(Exercise materials begins)

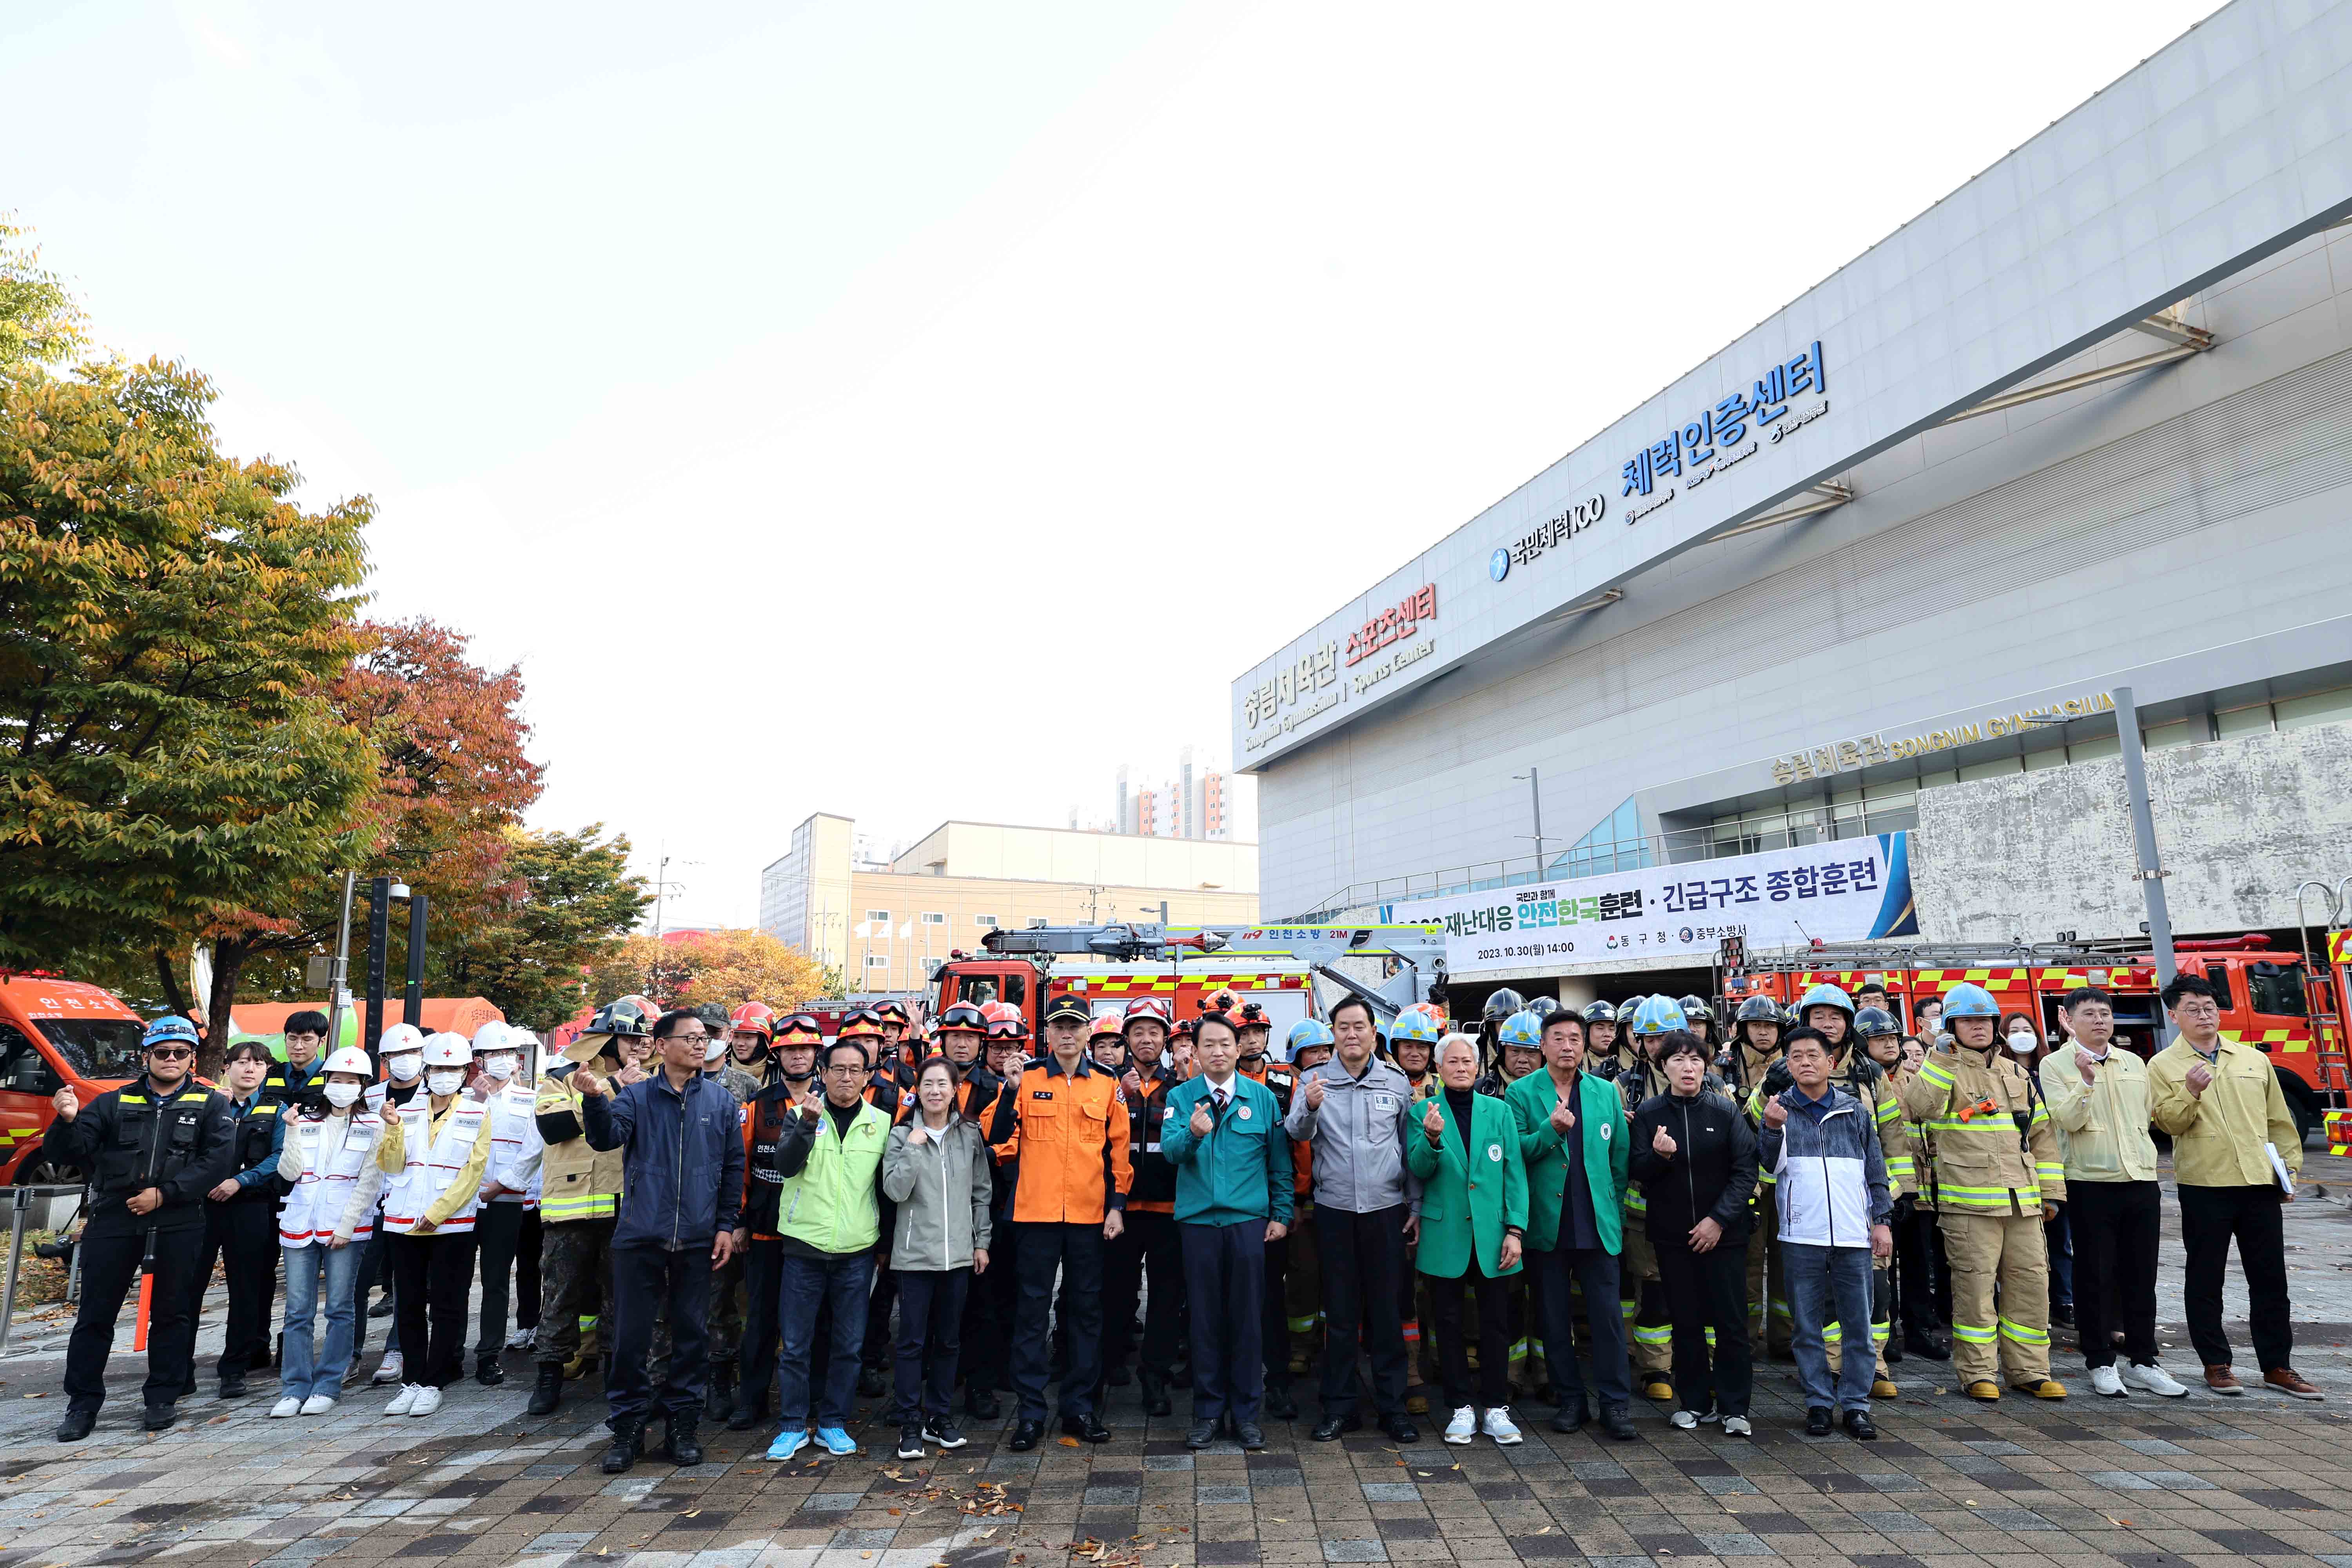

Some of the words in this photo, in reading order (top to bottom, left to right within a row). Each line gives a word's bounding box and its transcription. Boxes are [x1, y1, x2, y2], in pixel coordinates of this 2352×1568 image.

[1621, 340, 1826, 497] 체력인증센터
[1686, 467, 1714, 489] KSPO
[1245, 640, 1337, 730] 송림체육관
[1345, 583, 1436, 667] 스포츠센터
[1283, 692, 1338, 732] Gymnasium
[1354, 662, 1390, 695] Sports
[1392, 639, 1434, 671] Center
[1770, 733, 1889, 785] 송림체육관
[1889, 722, 1982, 759] SONGNIM
[1445, 906, 1514, 937] 재난대응
[1517, 889, 1643, 929] 안전한국훈련
[1663, 876, 1760, 913] 긴급구조
[1766, 857, 1878, 902] 종합훈련
[1516, 892, 1538, 902] 국민과
[1540, 889, 1555, 900] 함께
[1242, 930, 1263, 940] 119
[1330, 930, 1348, 938] 21M
[1696, 924, 1747, 940] 중부소방서
[1547, 942, 1574, 953] 14:00
[1791, 1204, 1803, 1224] LAB
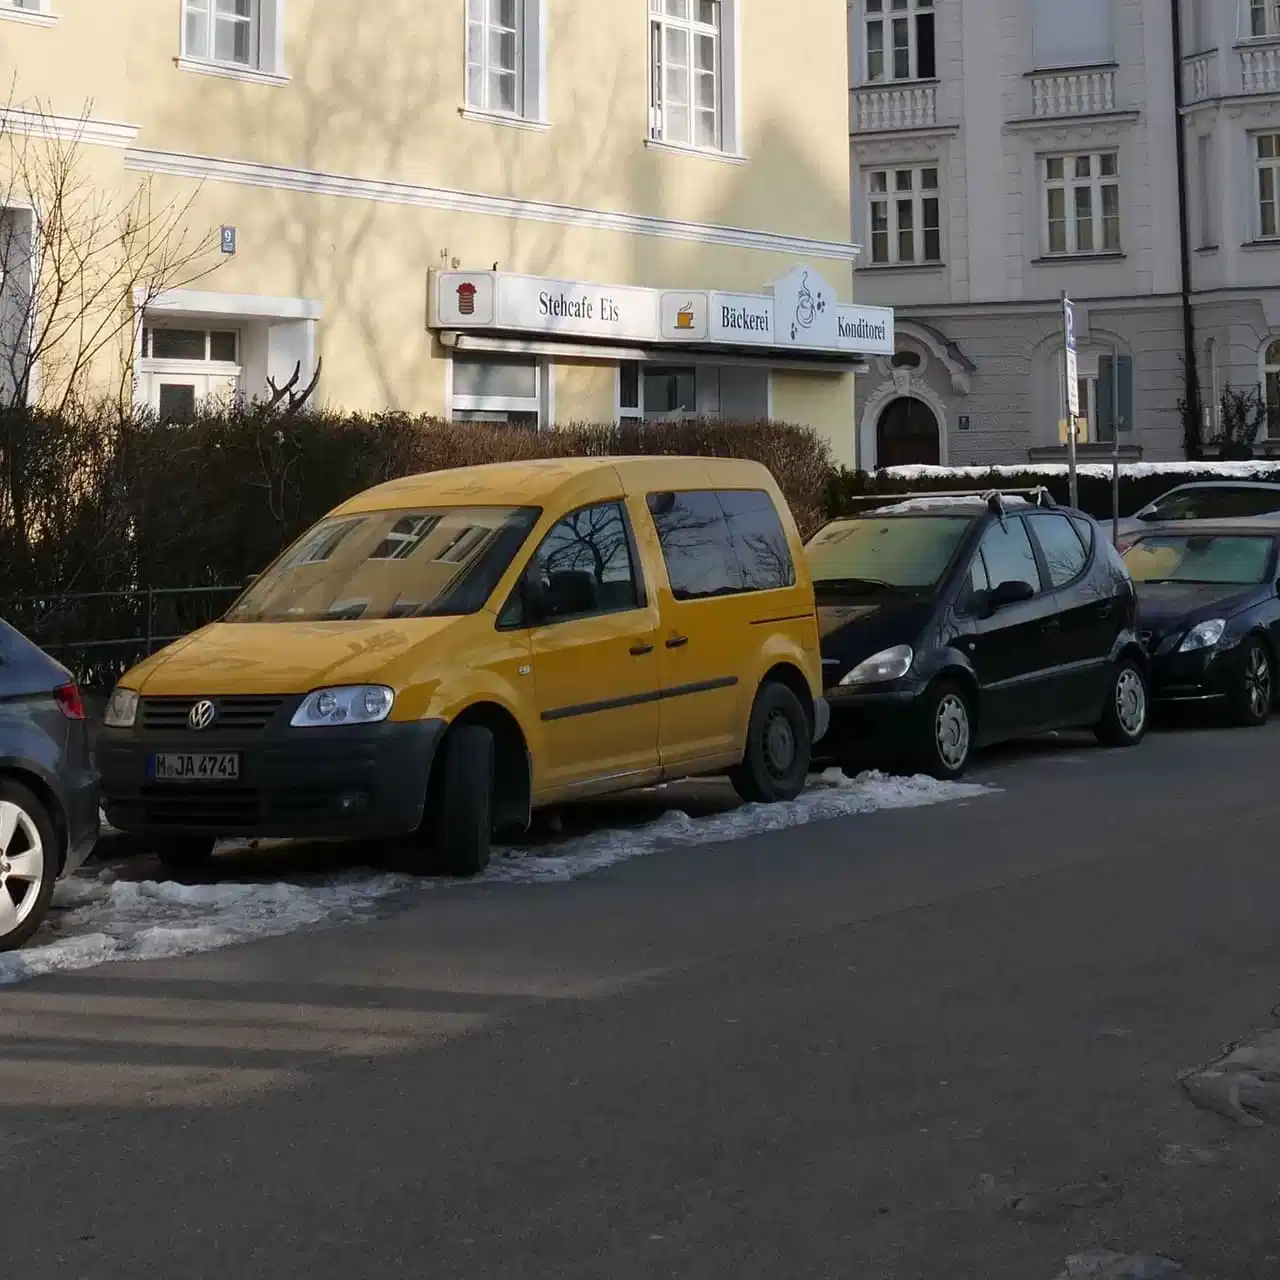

(Exercise materials ends)

Apart from the pictures, set down all the entries above exactly.

**Exercise result**:
Some of the words in this photo, in reading order (top to bottom, left to right within a row). Each line gives a word's bounding box and its transcription. Boxes are [x1, y1, x2, y2], in pixel coordinates of this 2352×1568 image.

[1621, 340, 1826, 497] 체력인증센터
[1686, 467, 1714, 489] KSPO
[1245, 640, 1337, 730] 송림체육관
[1345, 583, 1436, 667] 스포츠센터
[1283, 692, 1338, 732] Gymnasium
[1354, 662, 1390, 695] Sports
[1392, 639, 1434, 671] Center
[1770, 733, 1889, 785] 송림체육관
[1889, 722, 1982, 759] SONGNIM
[1445, 906, 1514, 937] 재난대응
[1517, 889, 1643, 929] 안전한국훈련
[1663, 876, 1760, 913] 긴급구조
[1766, 857, 1878, 902] 종합훈련
[1516, 892, 1538, 902] 국민과
[1540, 889, 1555, 900] 함께
[1242, 930, 1263, 940] 119
[1330, 930, 1348, 938] 21M
[1696, 924, 1747, 940] 중부소방서
[1547, 942, 1574, 953] 14:00
[1791, 1204, 1803, 1224] LAB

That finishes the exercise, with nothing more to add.